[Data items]
_ _ _ _
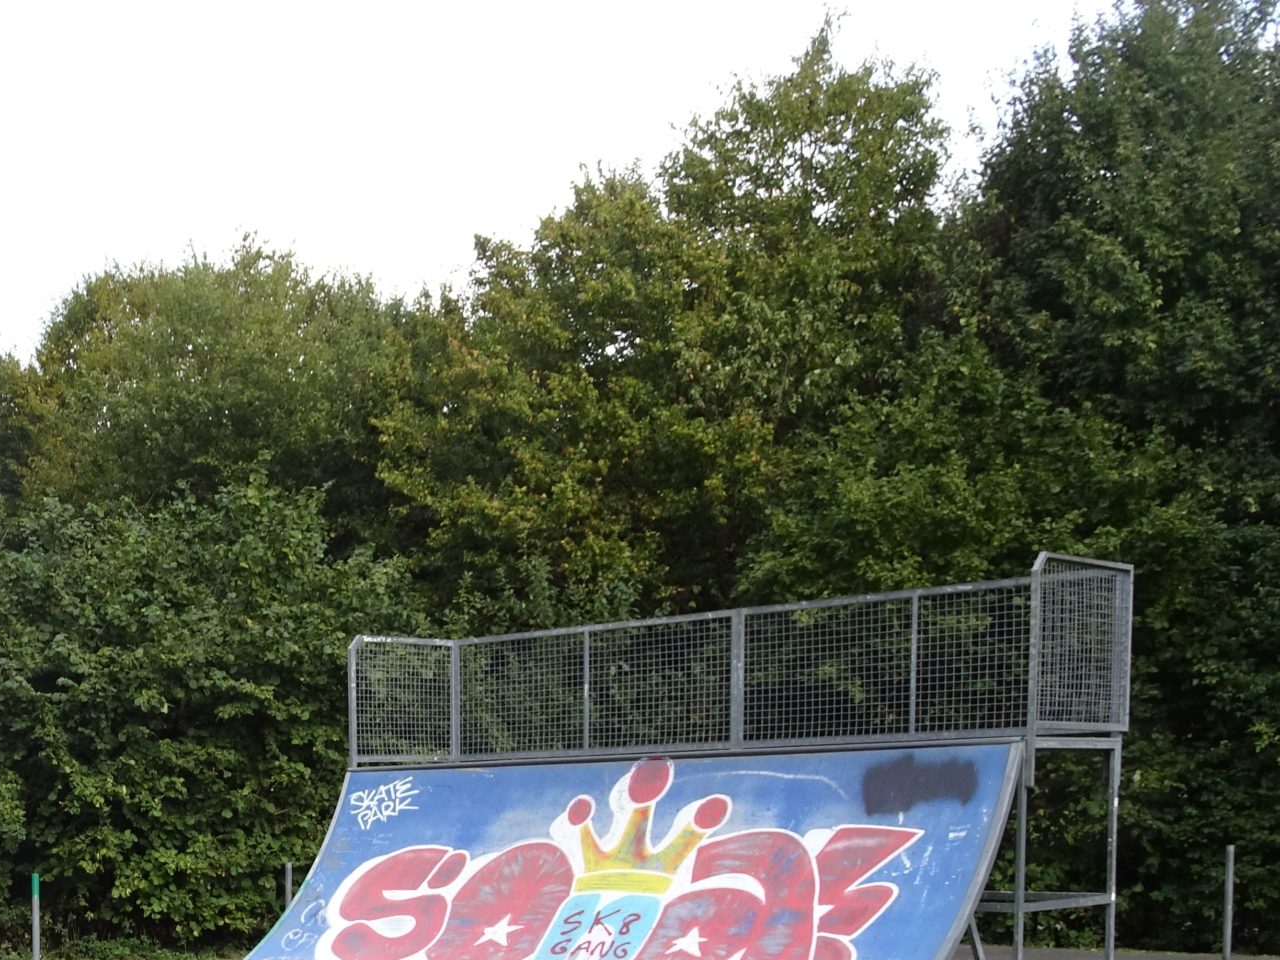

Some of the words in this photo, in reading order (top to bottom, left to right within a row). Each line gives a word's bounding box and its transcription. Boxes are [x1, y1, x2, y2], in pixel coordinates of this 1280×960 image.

[349, 776, 420, 814] SKATE
[357, 797, 420, 830] PARK
[560, 908, 642, 936] SK8
[550, 938, 632, 959] GANG
_ _ _ _
In your copy of the records above, include every line exactly but no pictures.

Some of the words in this photo, in reading order (top to bottom, left to right within a row). Each line gives a word's bounding box and its transcription. Boxes are [x1, y1, x2, y2], in pixel coordinates of this 1280×960 image.

[349, 776, 420, 814] SKATE
[357, 797, 420, 830] PARK
[560, 908, 642, 936] SK8
[550, 938, 632, 959] GANG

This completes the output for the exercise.